The Cold War was related to many local wars, such as the Korean War, Soviet invasions of Hungary and Czechoslovakia and the Vietnam War. The Cuban Missile Crisis was a part of the Cold War, and Middle East Crisis has also become much more complicated because of the Cold War. Western democracies and the Soviet Union discussed the progress of World War II, and the nature of the postwar settlement, at conferences in Tehran (1943), Yalta (February 1945), and Potsdam (July-August 1945). After the war, disputes between the Soviet Union and the Western democracies, particularly over the Soviet takeover of East European states, led Winston Churchill to warn in 1946 that an "iron curtain" was coming down in the middle of Europe. For his part, Joseph Stalin deepened the mistrust between the United States and the Soviet Union when he said in 1946 that World War II was an unavoidable consequence of "capitalist imperialism", and implied that such a war might reoccur.
The Cold War was a time of East-West competition, tension, and conflict that never turned into a full-scale war. The two sides usually didn't trust one another's plans and philosophies, and were divided up into large military and political alliances or "blocs". There were a few real wars, sometimes called "proxy wars", because they were fought by Soviet allies, rather than by the USSR itself -- along with competition for influence in the Third World, and a major superpower arms race.
During the cold war there was a fear on both sides that the other nation would fire nuclear weapons on each other. If this happened then a nuclear war would erupt with disasturous concequences.
After Stalin's death, East-West relations took turns shifting between times of relaxation and confrontation, including a time of greater cooperation, termed detente, during the 1970s.
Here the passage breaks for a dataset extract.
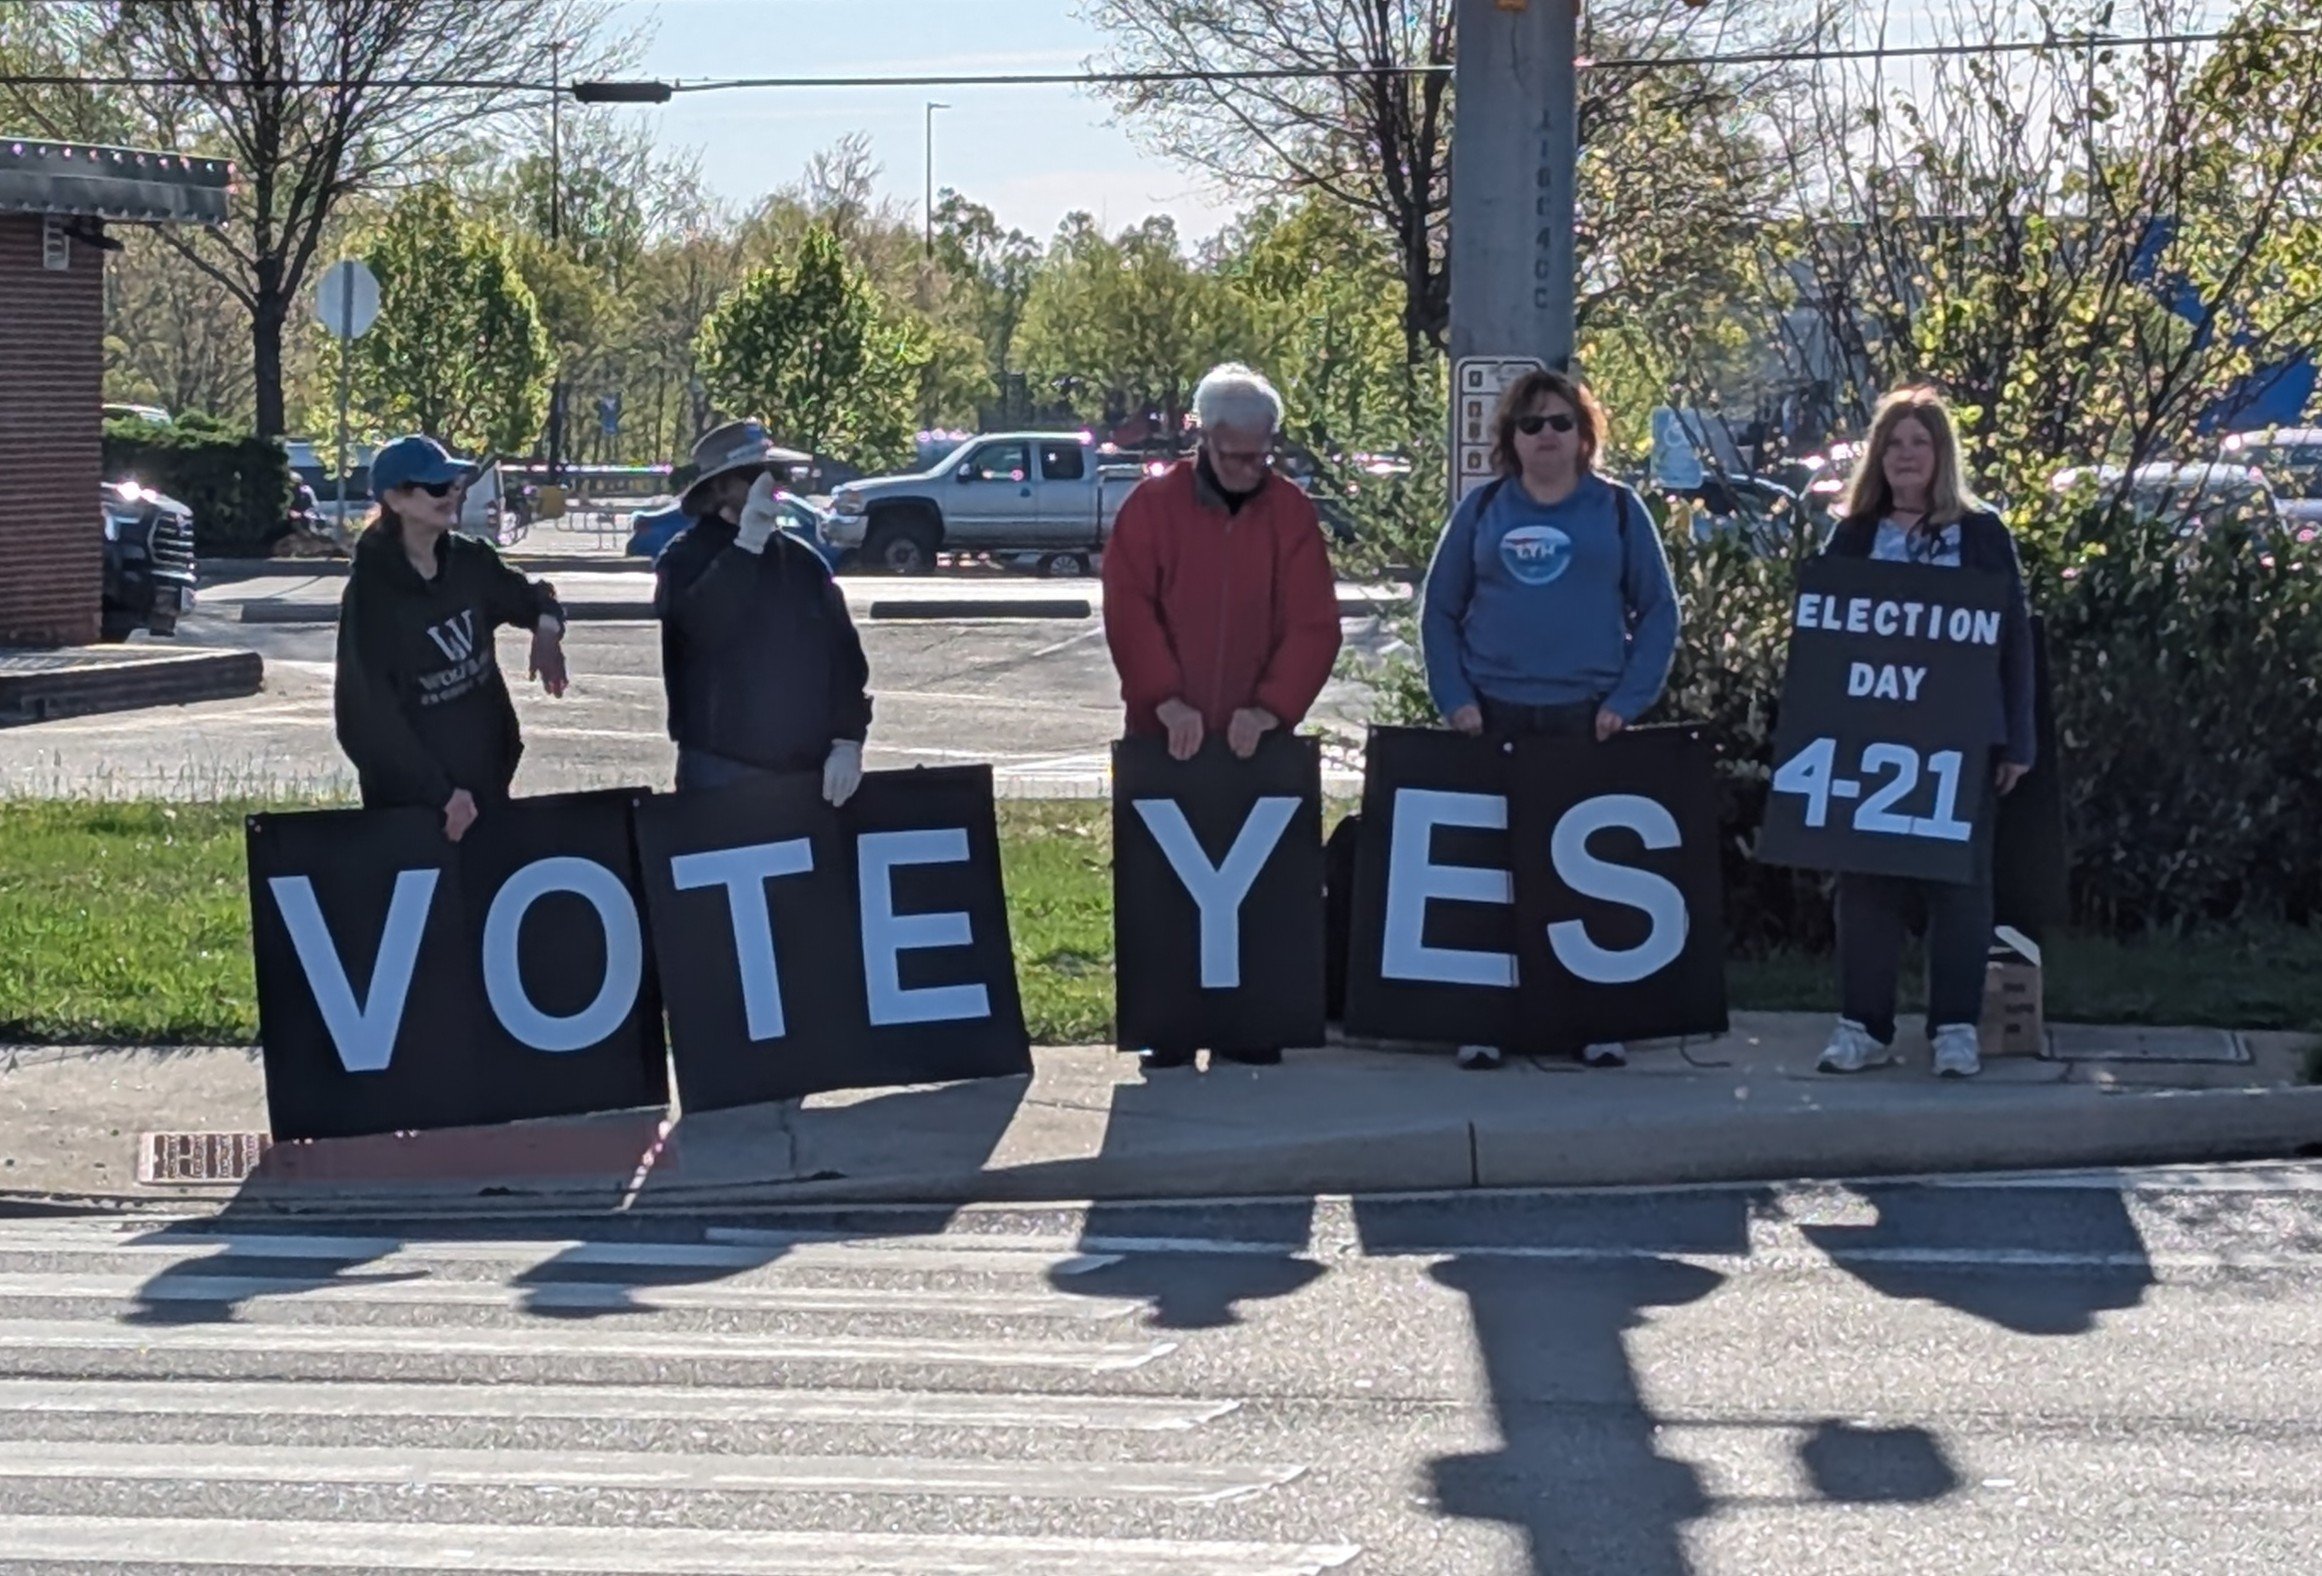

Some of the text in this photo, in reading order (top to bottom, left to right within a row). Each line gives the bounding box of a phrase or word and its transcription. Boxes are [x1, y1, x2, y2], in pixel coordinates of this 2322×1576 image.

A final phase during the late 1980s happened under President Mikhail Gorbachev, who hoped for a partnership between the two states that could address many global problems. However, this never happened, because the peoples who lived in the Soviet Union decided to do away with Communism, since it had failed them miserably for 80 years and denied them basic freedoms. By 1990, the Soviet Union ceased to exist and broke apart into many countries, the Berlin Wall was torn down, the people of Eastern Europe were free and finally had multi-party democracies, and the Cold War was over.